Popüler Netflix antoloji dizisi Black Mirror 6. sezonu yakın zamanda yayınlandı ve modern teknoloji, medya ve siyaseti eleştirmesiyle tanıdık bir yol izliyor, ancak güncel yaşamın sürekli değişen manzarasına ayak uydurmada başarısız oluyor. Yaratıcı ve baş yazar Charlie Brooker'ın argümanları demode kalıyor ve gözlemleri geç geliyor, bu da dizinin etkisini azaltıyor. Bu inceleme, sezonun bölümlerini değerlendiriyor ve eksikliklerini vurguluyor.
Demode Temalar
Bölümlerden biri olan "Mazey Day," ünlü saplantısının karanlık yanını ve paparazzilerin zararlı etkisini keşfediyor. Ancak, bu tema günümüz bağlamında eskimiş ve gereksiz hissediyor, çünkü on yıldan fazla süre önce önemli olan bir konuyu ele alıyor. Bölümü 2006'da geçirerek geriye dönük olarak güncellik oluşturma çabası, bugünün izleyicileriyle rezonansa geçmiyor.
Zamanında Yapılan Alay
Öte yandan, sezonun başlayan bölümü "Joan Is Awful," daha zamanında yapılan bir alay sunuyor. Schitt's Creek dizisindeki rolüyle tanınan Annie Murphy, kendi hayatını yakından taklit eden kurgusal bir yayın platformu olan Streamberry'de bir program keşfediyor. Bölüm yapay zeka, içerik algoritmalarının ve insanların başkalarının sıradan hayat ayrıntılarına olan merakının olası sonuçlarına iniyor. Temalar daha çağdaş olsa da, başka bir bölüm olan "Loch Henry," benzer konuları daha etkileyici bir şekilde ele alıyor.
Etkileyici Anlatım
Sezonun öne çıkan bölümü "Beyond the Sea," aileleriyle bağlantı kurmak için bilinçlerini robotlara aktaran astronotların hüzünlü bir bilim kurgu dönem hikayesi. İlk başta tahmin edilebilir olmasına rağmen, bölüm beklenmedik dönüşler yapıyor ve daha karanlık bir alana dalıyor. Aaron Paul, Josh Hartnett ve Kate Mara'nın performansları, etkileyici anlatımıyla birleşerek bölüme hüzünlü bir ağırlık kazandırıyor.
Tekrarlanan Temalar
Son bölüm olan "Demon 79," dünyanın sonunu önlemeye yönelik şiddet dolu doğaüstü bir komedi. İnsanlığın genellikle kasvetli görüşünü yansıtsa da, daha önceden keşfedilen temaları tekrarlamak gibi bir hissiyat yaratıyor ve sürpriz veya yenilik için pek alan bırakmıyor.

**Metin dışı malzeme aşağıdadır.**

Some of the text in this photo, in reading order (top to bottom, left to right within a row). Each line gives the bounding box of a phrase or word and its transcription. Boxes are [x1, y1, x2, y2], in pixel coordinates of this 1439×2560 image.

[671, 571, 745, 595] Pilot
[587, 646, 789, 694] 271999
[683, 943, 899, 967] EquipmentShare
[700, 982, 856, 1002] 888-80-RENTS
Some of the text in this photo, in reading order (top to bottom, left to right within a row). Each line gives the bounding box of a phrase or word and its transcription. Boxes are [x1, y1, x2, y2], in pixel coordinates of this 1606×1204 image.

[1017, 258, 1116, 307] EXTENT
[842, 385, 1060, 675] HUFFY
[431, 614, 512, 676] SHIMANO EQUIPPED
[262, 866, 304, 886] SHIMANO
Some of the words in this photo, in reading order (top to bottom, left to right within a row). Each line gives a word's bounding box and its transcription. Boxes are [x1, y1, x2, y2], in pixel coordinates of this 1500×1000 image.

Güncelliğini ve Eski Moda Hissini Kaybetmek
Black Mirror, gerçekliği ve modern toplumun rahatsız edici yönlerini düşündürmek için tanınırdı. Ancak bu sezonun bölümleri aceleye getirilmiş ve yetersiz geliştirilmiş gibi hissettiriyor, hızlı bir ironiye dayanıyor ve zaten modası geçmiş gibi geliyor. Dört yıllık bir aranın ardından geri dönüşünün daha fazla düşünce ve taze bakış açısıyla desteklenebileceği görülüyor. Hızla evrilen dünyada Black Mirror'ın temaları artık eskimeye başlıyor, etkisini ve güncelliğini kaybediyor.
Sonuç
Black Mirror'ın altıncı sezonu, çağdaş yaşamın özünü etkili bir şekilde yakalamada başarısız oluyor. Demode temalar ve tekrarlayan anlatım, dizinin etkisini azaltarak günümüzden kopuk bir his bırakıyor. Bazı bölümler zamanında yapılan alay ve etkileyici anlatım sunarken, sezonun çoğunluğu başarısız oluyor ve Black Mirror'ın önceki bölümlerinin sihir ve düşündürücü doğasını yeniden yakalamak zorlaşıyor.